Infertility isn't funny. It's not a sound-bite or a lead into a vasectomy giveaway. It's a disease. Perhaps for Cancer Awareness, they can give one lucky person chemo therapy if that person does the same for their pet... Or, I know, in honor of the aged, they can give you morphine patches to "put down" that special elderly person in your life when you decide to put your beloved cat to sleep because her standard of life has fallen into hell. Oh- that's not funny? You're right- neither is infertility.
Infertiles suffer. They live in a world that tells them parenthood is the best option, where people trivialize their medical conditions by telling them to "just adopt" or "just relax" or one of the other, myriad pieces of advice. They go through injections just to ovulate and, in many cases, live through the hell of miscarriage or the death of a child. They watch teenagers get pregnant, women do drugs and drink and deliver healthy babies, and life go on around them, all while waiting for that elusive BFP or trying every drug cocktail in the world to prolong pregnancy and stop preterm labor, all while their life stops and starts by the beep of a NICU monitor. Do you want a taste of what real pain is? It's watching your baby die. It's knowing that you cant simply make love to your husband and get pregnant, that instead you have to inject yourself with God only knows what and involve a team of medical doctors. It's the realization that a "natural" birth is something you can dream about because all your future pregnancies hold are risks of miscarriage, severe preterm delivery, pPROM, pre-eclampsia (or even more fun, postpartum eclampsia), placental abruption, or PTL combined with a long NICU stay. Fun times. Your right. Something to make a mockery of with a dumbass contest that is supposed to bring awareness to the ethical treatment of animals.

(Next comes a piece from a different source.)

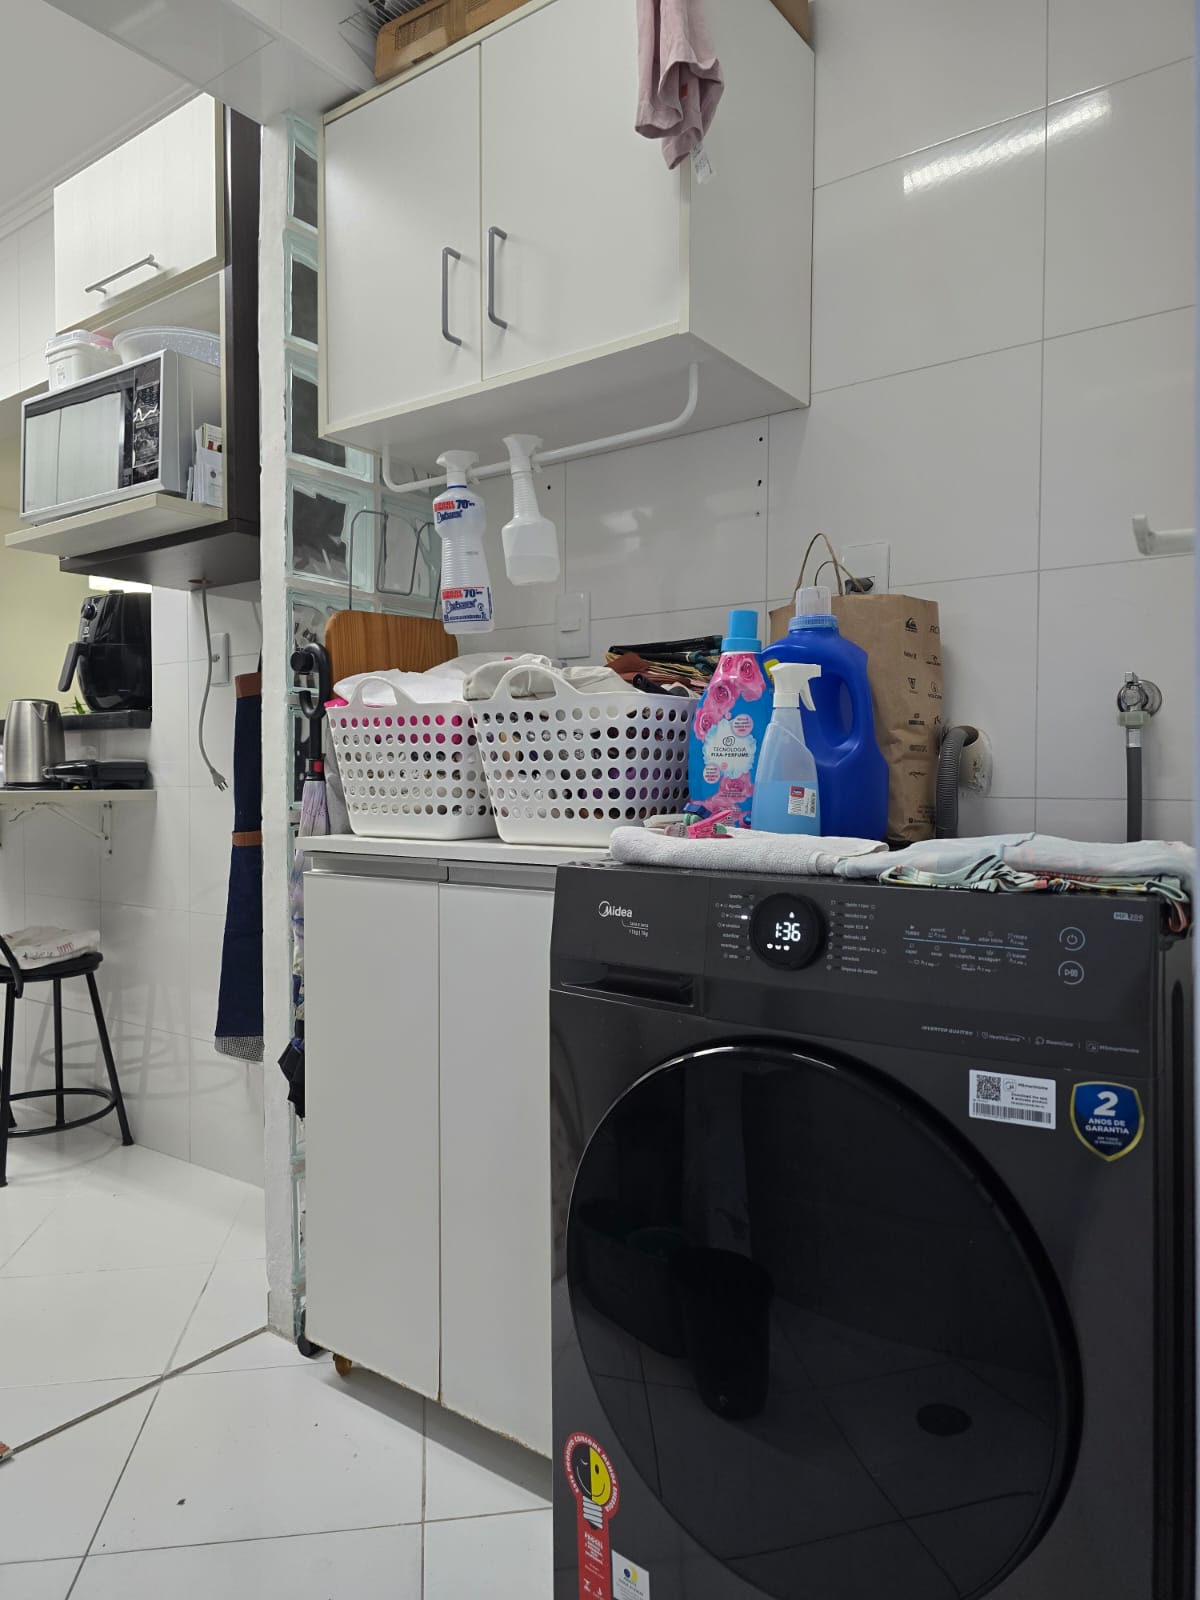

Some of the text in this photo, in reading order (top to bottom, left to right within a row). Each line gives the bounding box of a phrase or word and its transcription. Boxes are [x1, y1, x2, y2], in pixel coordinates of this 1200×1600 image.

I'm an animal. Where the hell is my ethical treatment??? Where is the compassion when I cant get pregnant? Somewhere between "adopt" and "learn to live childless"? Where is the love when I lose a baby- you're right... Trapped smack in the middle of "get over it" and "maybe you weren't meant to have children." Where is the Infertility Awareness that we are all begging for- yep... in a PETA campaign, urging men to get clipped. Wow... And to think that I've been on the wrong side for all these years.
Infertility is a disease. It's, as PETA writes on their website (although this is taken out of context), the real "crisis that is a crying shame." I'm sorry that animals are overpopulating the planet. I really am. But the crying shame is that people (animals, too) go through horrendous diseases, no matter what they may be. Making a mockery of one, in order to bring awareness to the other, is a piss-poor example of someone's lazy PR. Over 7 million people are impacted by infertility; some are due to genetic issues, others due to "easy fixes" with medication. But, you know what... It doesnt matter. It's an illness and those who want to treat it, just like those wanting to treat other illnesses, have that choice. Poking fun at infertiles- which is what PETA is doing- isn't just insensitive. It's reprehensible.
So... What can you do?
Sign the petition, telling PETA that infertility isn't a joke. It's a very real disease that impacts 1 in 10 couples on a regular basis and, according to doctors, may involve 1 in every 4 over their lifetime.
Email Ingrid Newkirk (the president) and Carrie Snider (special projects), and let them know how you feel.
Blog about it... And, after you've blogged... tweet it and facebook the link. Let people know this is wrong. Fertile, infertile, parent, orphaned parent, childless by choice or not- it doesnt matter. This is just wrong.
I've signed the petition, I'm shooting off an email momentarily, you're reading my blog post, and rest assured, it'll make its way to Facebook soon... But, even if we all do it, will it be enough for PETA to get the message, truly apologize, and get rid of this disgusting 'contest'? If history points us in the right direction, I'll say most likely not... But this is at least one way to bring REAL awareness of infertility.